EXERCISE PROMPT - Take the line that contains "this 1385×1792 image." in the data below and each line after it, through the last, and repeat them unchanged.

GIVEN RECORDS -
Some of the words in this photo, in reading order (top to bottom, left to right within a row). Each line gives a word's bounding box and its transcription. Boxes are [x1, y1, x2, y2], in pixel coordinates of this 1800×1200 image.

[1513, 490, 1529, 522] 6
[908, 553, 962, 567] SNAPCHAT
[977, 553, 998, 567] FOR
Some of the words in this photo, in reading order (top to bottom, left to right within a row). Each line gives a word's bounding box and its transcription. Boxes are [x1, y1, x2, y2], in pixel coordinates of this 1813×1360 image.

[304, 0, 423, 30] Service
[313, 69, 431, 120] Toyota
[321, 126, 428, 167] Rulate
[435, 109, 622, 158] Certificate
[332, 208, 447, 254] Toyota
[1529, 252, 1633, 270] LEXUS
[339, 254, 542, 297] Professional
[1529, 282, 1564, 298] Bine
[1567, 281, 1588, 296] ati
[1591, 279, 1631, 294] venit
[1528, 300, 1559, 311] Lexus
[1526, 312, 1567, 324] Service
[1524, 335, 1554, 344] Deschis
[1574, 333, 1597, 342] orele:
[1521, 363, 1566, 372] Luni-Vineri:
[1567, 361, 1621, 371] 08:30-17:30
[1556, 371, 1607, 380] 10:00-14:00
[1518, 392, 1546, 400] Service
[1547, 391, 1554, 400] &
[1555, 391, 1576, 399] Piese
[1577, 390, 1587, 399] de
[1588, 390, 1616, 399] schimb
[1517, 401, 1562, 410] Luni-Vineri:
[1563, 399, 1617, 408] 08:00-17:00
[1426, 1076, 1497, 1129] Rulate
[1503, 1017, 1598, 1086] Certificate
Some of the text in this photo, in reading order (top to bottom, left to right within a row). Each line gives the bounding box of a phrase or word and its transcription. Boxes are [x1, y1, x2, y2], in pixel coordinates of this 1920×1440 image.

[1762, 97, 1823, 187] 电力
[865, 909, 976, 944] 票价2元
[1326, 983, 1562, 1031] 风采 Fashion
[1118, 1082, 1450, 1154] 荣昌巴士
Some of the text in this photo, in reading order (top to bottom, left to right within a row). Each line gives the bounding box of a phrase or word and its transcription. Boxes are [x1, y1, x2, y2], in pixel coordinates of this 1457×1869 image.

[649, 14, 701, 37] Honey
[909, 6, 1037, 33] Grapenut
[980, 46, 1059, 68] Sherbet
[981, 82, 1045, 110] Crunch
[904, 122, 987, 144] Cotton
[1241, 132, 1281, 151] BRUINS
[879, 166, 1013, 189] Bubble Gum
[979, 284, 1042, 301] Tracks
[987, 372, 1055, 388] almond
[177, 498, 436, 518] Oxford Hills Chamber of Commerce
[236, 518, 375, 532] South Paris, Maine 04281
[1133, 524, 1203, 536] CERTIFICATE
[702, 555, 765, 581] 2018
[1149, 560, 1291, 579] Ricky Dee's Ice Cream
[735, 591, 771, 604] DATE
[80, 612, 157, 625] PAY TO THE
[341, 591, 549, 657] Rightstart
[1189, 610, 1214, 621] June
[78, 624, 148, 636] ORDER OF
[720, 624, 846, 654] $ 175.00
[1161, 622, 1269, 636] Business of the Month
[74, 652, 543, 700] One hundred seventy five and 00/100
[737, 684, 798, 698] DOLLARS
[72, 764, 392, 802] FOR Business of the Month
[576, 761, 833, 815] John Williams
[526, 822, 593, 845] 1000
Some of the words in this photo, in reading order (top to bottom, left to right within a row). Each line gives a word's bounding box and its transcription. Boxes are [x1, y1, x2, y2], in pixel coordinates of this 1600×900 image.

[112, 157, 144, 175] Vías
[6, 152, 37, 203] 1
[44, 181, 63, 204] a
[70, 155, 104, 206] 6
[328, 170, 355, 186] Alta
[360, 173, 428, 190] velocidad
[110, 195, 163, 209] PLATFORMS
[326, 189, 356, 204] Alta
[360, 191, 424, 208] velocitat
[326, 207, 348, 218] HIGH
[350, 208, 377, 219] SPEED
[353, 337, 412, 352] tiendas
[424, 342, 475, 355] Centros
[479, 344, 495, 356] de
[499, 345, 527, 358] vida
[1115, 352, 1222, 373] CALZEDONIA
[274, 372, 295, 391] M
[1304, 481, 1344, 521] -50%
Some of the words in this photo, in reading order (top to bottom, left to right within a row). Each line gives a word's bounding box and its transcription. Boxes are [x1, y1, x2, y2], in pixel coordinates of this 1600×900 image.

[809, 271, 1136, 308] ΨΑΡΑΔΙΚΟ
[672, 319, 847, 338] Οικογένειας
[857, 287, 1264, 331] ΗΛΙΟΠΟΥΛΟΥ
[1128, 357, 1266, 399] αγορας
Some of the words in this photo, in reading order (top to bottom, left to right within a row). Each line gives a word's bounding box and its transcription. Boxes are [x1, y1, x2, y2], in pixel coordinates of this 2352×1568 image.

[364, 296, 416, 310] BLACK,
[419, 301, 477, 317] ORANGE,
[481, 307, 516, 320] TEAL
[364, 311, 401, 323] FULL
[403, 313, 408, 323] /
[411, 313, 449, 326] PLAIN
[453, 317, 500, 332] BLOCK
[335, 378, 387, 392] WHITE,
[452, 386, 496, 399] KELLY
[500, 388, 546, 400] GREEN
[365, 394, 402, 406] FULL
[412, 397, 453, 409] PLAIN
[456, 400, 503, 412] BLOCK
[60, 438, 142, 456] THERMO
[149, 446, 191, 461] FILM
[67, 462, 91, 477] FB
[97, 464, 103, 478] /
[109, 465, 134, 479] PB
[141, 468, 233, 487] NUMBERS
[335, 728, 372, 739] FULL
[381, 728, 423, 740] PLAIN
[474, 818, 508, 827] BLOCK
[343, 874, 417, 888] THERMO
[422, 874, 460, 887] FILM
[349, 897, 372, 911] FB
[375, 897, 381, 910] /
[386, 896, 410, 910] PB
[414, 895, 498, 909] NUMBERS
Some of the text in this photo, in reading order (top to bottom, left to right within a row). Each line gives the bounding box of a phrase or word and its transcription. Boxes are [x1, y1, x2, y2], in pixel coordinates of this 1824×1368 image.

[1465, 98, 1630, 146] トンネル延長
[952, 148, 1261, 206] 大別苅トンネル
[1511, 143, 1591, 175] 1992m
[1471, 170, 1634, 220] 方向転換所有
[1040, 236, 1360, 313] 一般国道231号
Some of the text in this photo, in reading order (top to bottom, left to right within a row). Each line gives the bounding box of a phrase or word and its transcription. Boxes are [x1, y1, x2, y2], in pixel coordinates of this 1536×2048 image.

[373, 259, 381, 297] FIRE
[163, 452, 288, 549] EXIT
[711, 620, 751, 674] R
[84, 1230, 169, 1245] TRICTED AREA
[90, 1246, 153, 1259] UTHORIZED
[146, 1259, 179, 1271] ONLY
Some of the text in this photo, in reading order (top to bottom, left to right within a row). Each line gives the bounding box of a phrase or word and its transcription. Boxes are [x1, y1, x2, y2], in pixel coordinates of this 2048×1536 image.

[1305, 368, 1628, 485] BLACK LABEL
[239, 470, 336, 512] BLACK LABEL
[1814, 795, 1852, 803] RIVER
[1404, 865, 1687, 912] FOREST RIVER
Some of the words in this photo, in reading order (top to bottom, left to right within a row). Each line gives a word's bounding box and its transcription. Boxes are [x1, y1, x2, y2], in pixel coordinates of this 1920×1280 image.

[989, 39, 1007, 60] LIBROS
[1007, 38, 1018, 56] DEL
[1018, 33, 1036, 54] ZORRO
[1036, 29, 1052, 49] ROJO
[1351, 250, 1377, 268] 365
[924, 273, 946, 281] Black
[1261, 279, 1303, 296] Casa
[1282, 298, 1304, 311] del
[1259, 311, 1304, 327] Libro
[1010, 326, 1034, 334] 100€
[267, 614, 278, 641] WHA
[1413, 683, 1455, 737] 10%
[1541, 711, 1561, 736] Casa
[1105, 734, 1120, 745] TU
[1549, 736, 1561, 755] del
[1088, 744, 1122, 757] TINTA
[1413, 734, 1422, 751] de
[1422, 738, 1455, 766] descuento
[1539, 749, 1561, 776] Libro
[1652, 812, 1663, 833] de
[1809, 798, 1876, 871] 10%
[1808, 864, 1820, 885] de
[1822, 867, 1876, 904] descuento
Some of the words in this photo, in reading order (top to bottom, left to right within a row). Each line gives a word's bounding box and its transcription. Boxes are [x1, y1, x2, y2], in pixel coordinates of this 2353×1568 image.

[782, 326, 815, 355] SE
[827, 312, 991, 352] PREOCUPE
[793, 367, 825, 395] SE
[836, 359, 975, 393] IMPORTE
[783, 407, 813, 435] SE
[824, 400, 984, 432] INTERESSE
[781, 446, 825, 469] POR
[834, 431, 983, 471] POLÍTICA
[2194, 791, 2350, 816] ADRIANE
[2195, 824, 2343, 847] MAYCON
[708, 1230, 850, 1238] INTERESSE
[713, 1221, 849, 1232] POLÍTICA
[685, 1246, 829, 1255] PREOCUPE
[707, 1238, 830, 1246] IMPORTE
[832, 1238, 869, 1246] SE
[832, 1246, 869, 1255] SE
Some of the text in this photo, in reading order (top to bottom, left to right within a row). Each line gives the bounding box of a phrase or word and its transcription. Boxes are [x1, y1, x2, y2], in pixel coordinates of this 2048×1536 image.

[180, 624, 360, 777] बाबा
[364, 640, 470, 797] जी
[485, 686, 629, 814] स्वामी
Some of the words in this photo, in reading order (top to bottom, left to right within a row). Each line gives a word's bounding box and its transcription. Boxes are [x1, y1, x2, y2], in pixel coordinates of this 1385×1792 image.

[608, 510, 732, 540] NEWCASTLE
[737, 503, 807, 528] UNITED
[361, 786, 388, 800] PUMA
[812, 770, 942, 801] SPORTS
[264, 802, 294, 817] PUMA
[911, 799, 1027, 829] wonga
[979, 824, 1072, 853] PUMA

OUTPUT FOR THIS TASK -
Some of the words in this photo, in reading order (top to bottom, left to right within a row). Each line gives a word's bounding box and its transcription. Boxes are [x1, y1, x2, y2], in pixel coordinates of this 1385×1792 image.

[608, 510, 732, 540] NEWCASTLE
[737, 503, 807, 528] UNITED
[361, 786, 388, 800] PUMA
[812, 770, 942, 801] SPORTS
[264, 802, 294, 817] PUMA
[911, 799, 1027, 829] wonga
[979, 824, 1072, 853] PUMA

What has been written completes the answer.